Sitting in a cafe writing – can there be anything better? For me at least, I don’t think so… And so it makes perfect sense to bring together cafes and my exploration of politics – a kind of politics that partly has roots in the coffee houses of the seventeenth and eighteenth centuries.
The romance and egalitarianism of coffee houses can be exaggerated – it’s said that people from all stratas of society were welcome, that no attention was paid to rank – but that only applied to men, as women were not permitted inside. With all the buzz of innovation, of ideas and debate, the headiness of the cry of ‘What news sir’ as people entered, it came as no real surprise when I was told that, as well as the women who campaigned to keep men out of them, there is a hidden history of subversive women dressing as men in order to be part of it.
Cafes have always been rich places for me – from my younger days dreaming of sitting in a cafe wearing a black polo neck reading a novel, or talking animatedly, looking fascinating. Simone de Beauvoir at the Café de Flore Dorothy Parker at the Alonquin Hotel, Simone Weil, all those women whose intellectual and social life revolved around cafes, circles of friends. (I may be pushing it a bit with Weil, but I like to think of her hunched over a cup of coffee writing in Paris, and later, in London, over a strong cup of tea).
The romance of the cafe is also tied in with the story of the Moleskine notebook, the image of the writer contemplatively sipping an espresso. The history of the cafe, its central role in important social movements, means that cafes still inspire hopes of community, ideas and inspiration, despite having had so much of their substance scraped out and repackaged by the likes of Starbucks and Cafe Nero.

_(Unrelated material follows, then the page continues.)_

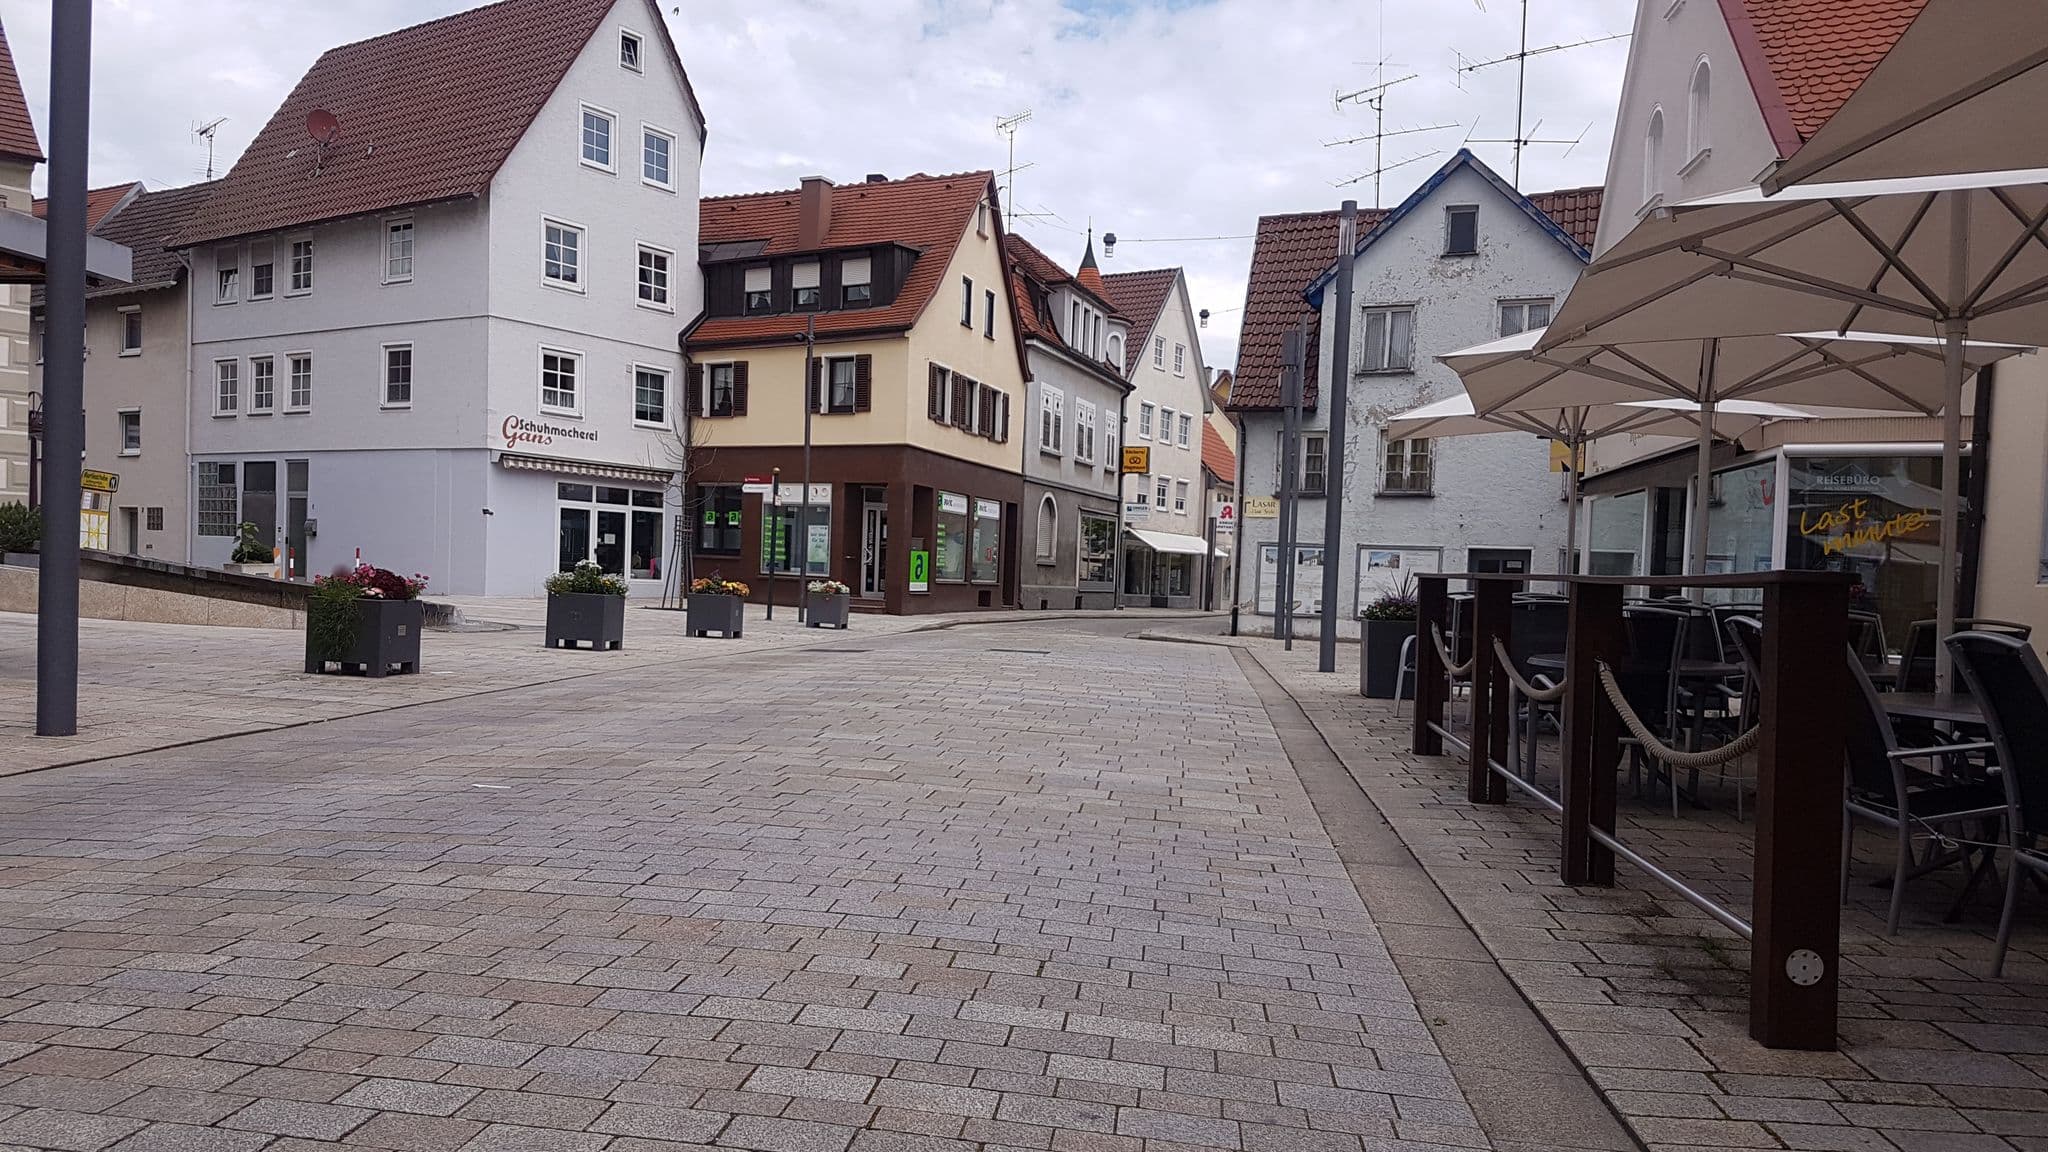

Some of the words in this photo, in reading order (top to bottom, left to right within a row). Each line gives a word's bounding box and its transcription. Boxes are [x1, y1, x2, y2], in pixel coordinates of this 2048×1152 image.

Today, I’m sitting in the Blue Brick cafe in East Dulwich – there’s a couple talking, someone chatting on their phone and a woman reading the paper. Another woman was writing on her blackberry – but is now sipping her tea, thinking and another two women have just arrived, giddy with the novelty of a day off.
As I sip my peppermint tea – today, for some reason, my stomach doesn’t fancy coffee – I feel excited about working in cafes and connecting with that rich seam of history and imagination that still makes cafes feel like places of potential. That’s why I’m going to be writing in cafes – talking about the places I write in, as well as about a different kind of politics that is emerging – a politics that seems both new and old, all about ideas and social justice, about people getting together to dream and imagine how things could be and then work out how to experience the reality.